二十一日目 オオムラサキ

 いや、俺だってそうそう同じことは繰り返さないだろう。まさかまた閉め忘れるなんてことはないはずだ。実はいままで閉め忘れていたわけではないが、恐怖でいつも最後はおろそかになってしまうのだった。結果的に俺に災いが降りかかっているので自業自得ではあるのだが。


 でもさすがにそんなことはもう――。


「そうなるだろうとは思ったよ」


 ねぇ、なんで蝶ってそんなに素早いの? いじめ? いじめなの?


 開けた瞬間飛び出してきて、思っていた通り俺に抱き付いてきやがった。もう疲れてるんだよ。今日、俺は雑木林まで行ってスズメバチに襲われかけたんだ。明日だって早いのに。


「主様、やっとこうすることができ申した」


 確かに最近側に居なかったもんね。でも俺的には別に問題ないし、何ならもっと離れていても良かったんだよ?

 腕に絡んで顔を埋めてくる。できればそれは人間の彼女にしてもらいたい。彼女居たことないけど。


「ですが主様! またおひとり女子(おなご)を連れ帰ったのでありんすか!?」


 お前にはあの立派な大胸筋が見えなかったのでありんすか? あれが女性に見えたのなら貴女の目は節穴です。
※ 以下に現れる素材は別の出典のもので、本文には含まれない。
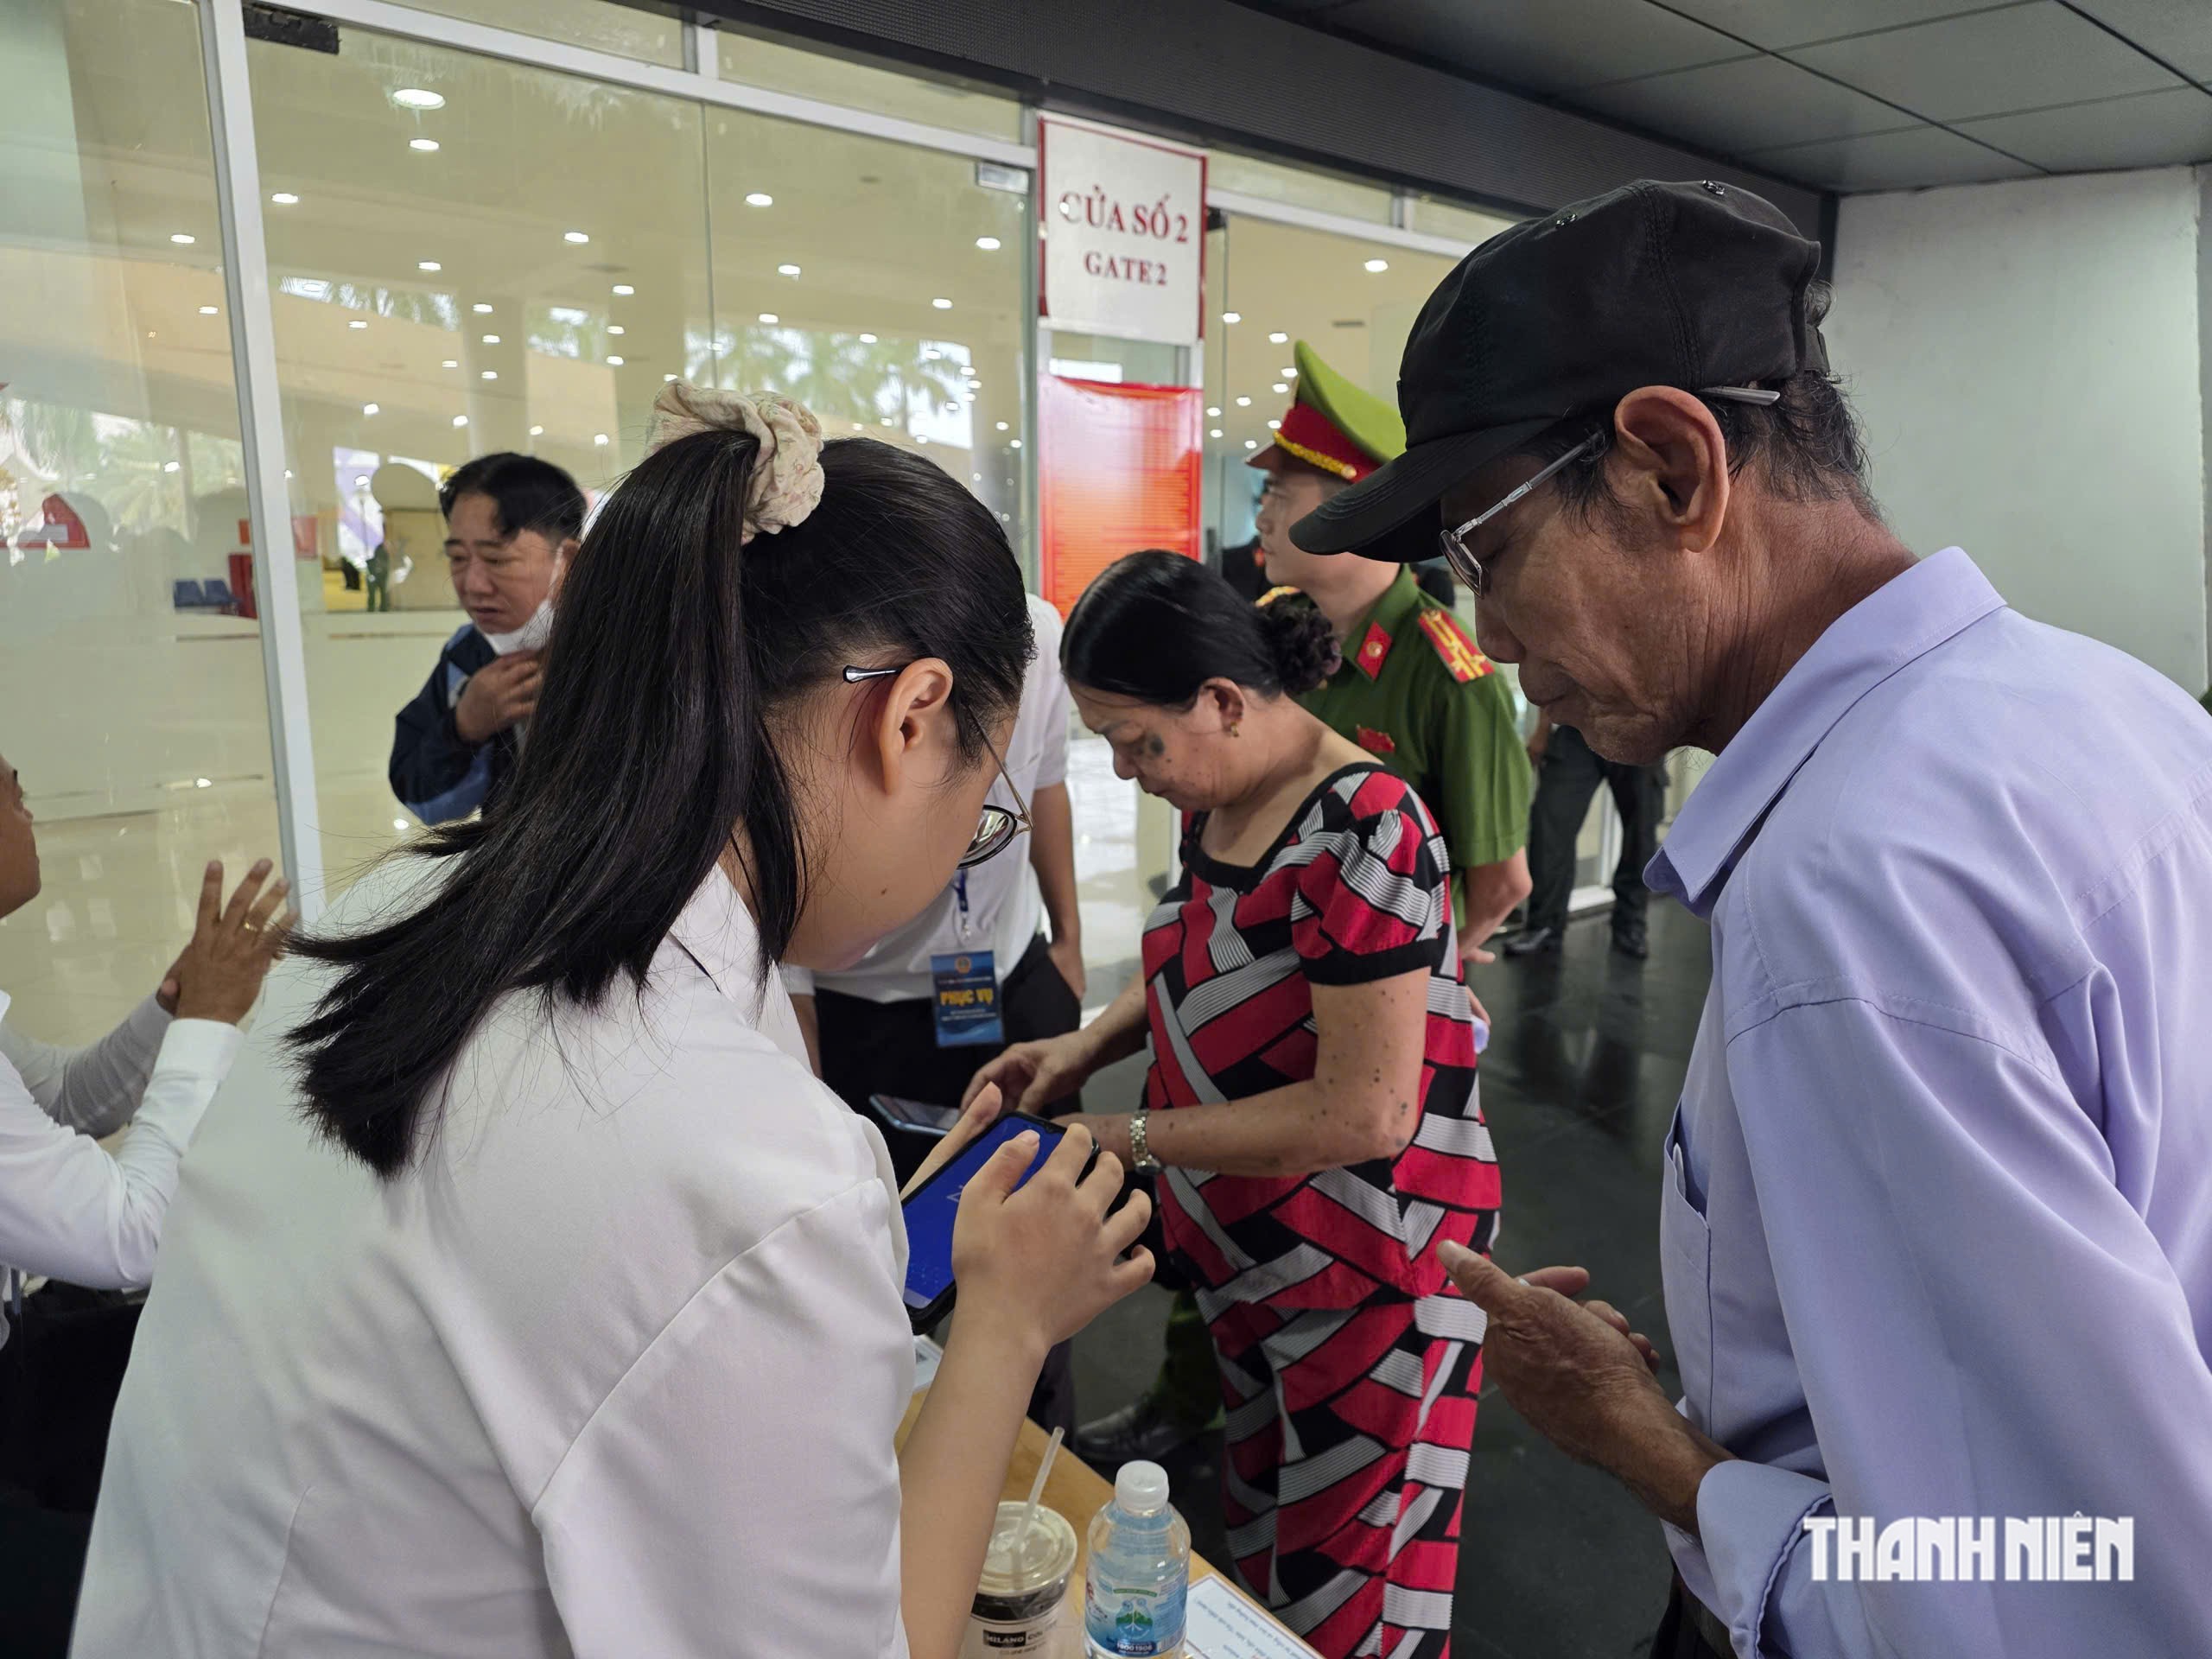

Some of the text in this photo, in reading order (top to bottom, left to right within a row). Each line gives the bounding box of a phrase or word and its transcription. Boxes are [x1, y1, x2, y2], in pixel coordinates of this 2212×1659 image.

[1059, 184, 1126, 232] CỬA
[1175, 215, 1189, 243] 2
[1084, 251, 1152, 284] GATE
頬を膨らませて怒っているが、毛ほども申し訳ないとは思わない。


 とはいえ俺の周りにライバルが増えるのがイヤなんだろう。でも言っておく。どう間違ってもお前らを選ぶことはないから。


「あのさ、その心配はしなくていいと思う」

「お心に決めた相手はわたくし、ということでありんすね!」


 都合よく解釈しないで。君たちに耳はないのか、耳は。……昆虫の耳ってどこ?

 それとも脳の問題なのかな? 俺は多少の哀れみを込めてオオムラサキを見てやるが、彼女は露ほどにも思っていないようだった。嬉しそうにまた顔を染めて、俺に寄りかかっている。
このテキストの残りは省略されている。